WORK REQUEST | Would you please return the data below verbatim, without its pictures?
──────── INPUT FOR THIS TASK ────────
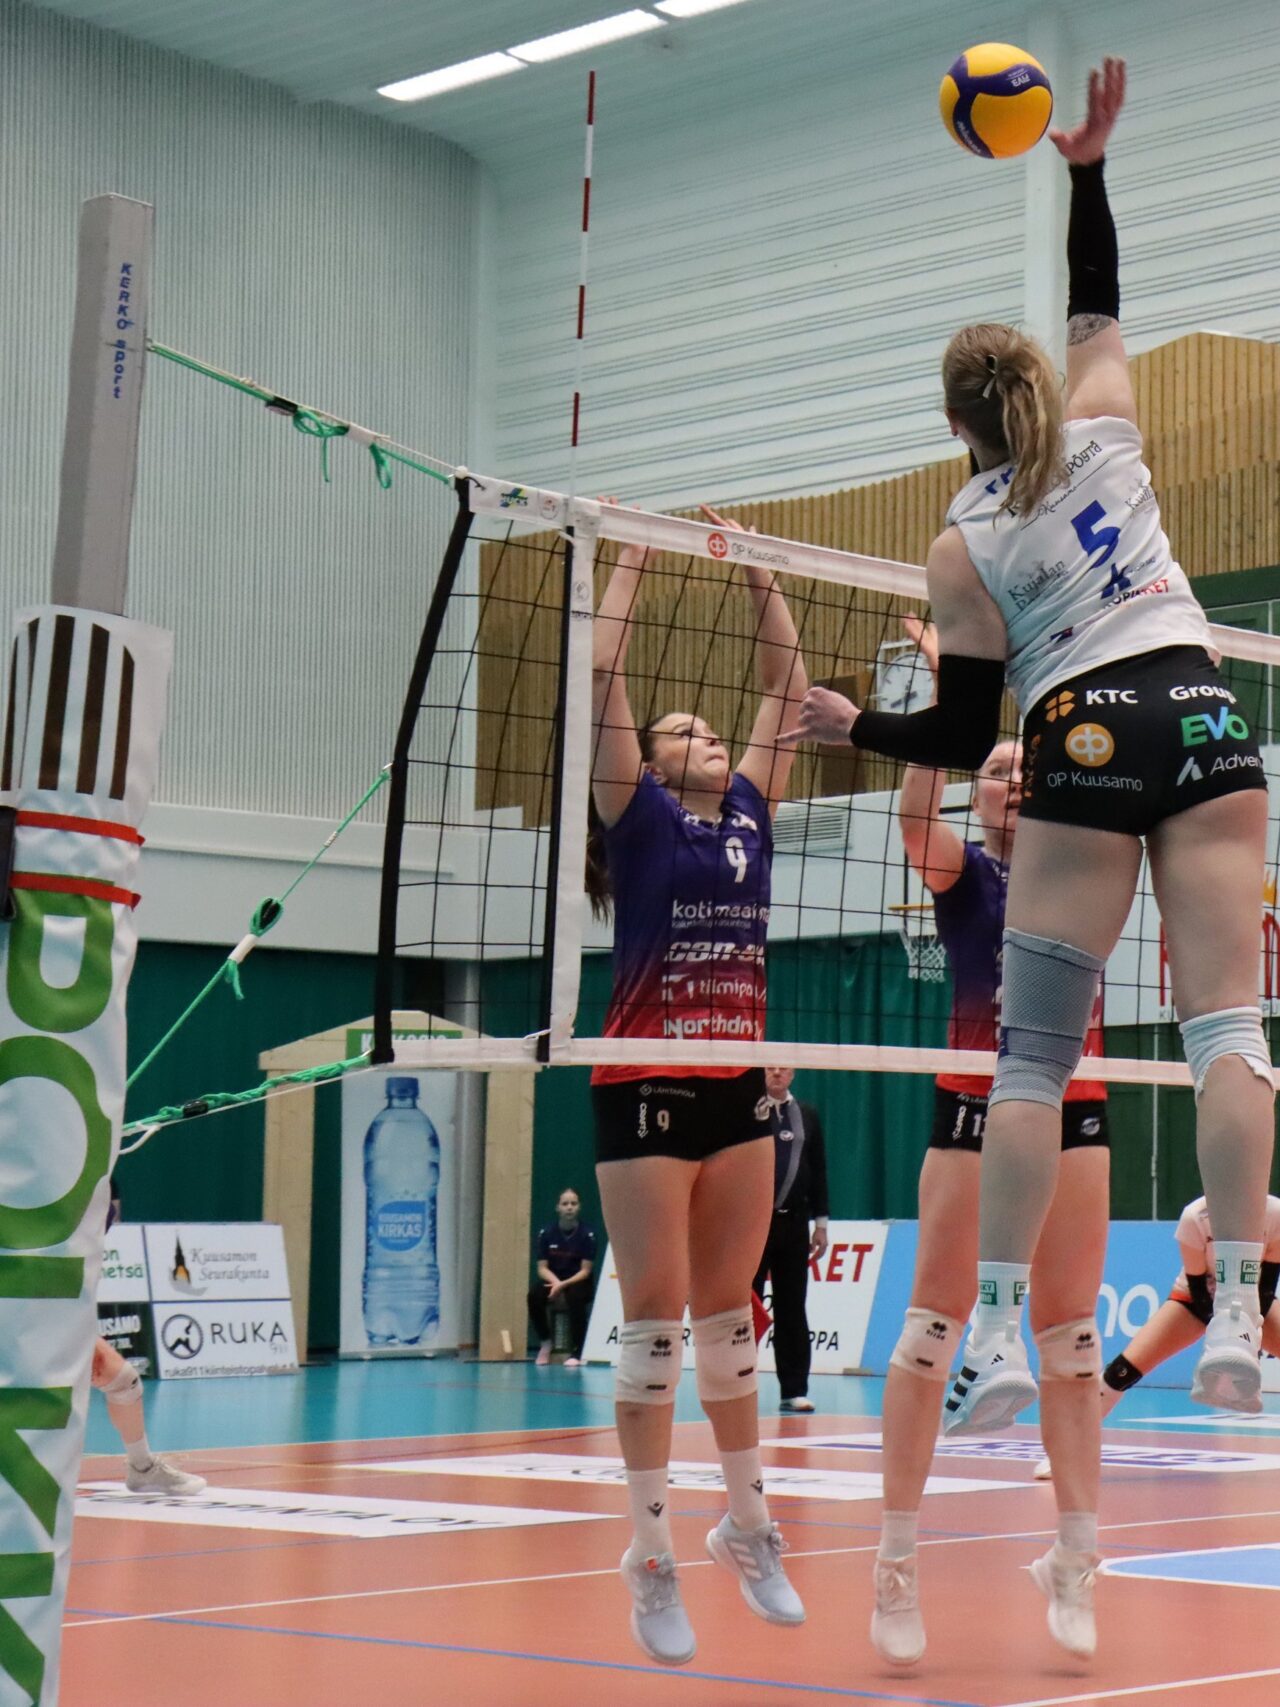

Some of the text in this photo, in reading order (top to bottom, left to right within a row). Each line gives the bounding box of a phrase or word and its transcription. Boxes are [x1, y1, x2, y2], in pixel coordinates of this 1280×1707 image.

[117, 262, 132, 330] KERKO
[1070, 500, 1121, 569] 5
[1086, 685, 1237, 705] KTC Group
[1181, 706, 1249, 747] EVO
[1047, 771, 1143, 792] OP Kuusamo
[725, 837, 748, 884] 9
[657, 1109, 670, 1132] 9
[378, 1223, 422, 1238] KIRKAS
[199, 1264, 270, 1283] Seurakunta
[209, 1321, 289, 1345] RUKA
────────
YOUR RESPONSE |
Some of the text in this photo, in reading order (top to bottom, left to right within a row). Each line gives the bounding box of a phrase or word and its transcription. Boxes are [x1, y1, x2, y2], in pixel coordinates of this 1280×1707 image.

[117, 262, 132, 330] KERKO
[1070, 500, 1121, 569] 5
[1086, 685, 1237, 705] KTC Group
[1181, 706, 1249, 747] EVO
[1047, 771, 1143, 792] OP Kuusamo
[725, 837, 748, 884] 9
[657, 1109, 670, 1132] 9
[378, 1223, 422, 1238] KIRKAS
[199, 1264, 270, 1283] Seurakunta
[209, 1321, 289, 1345] RUKA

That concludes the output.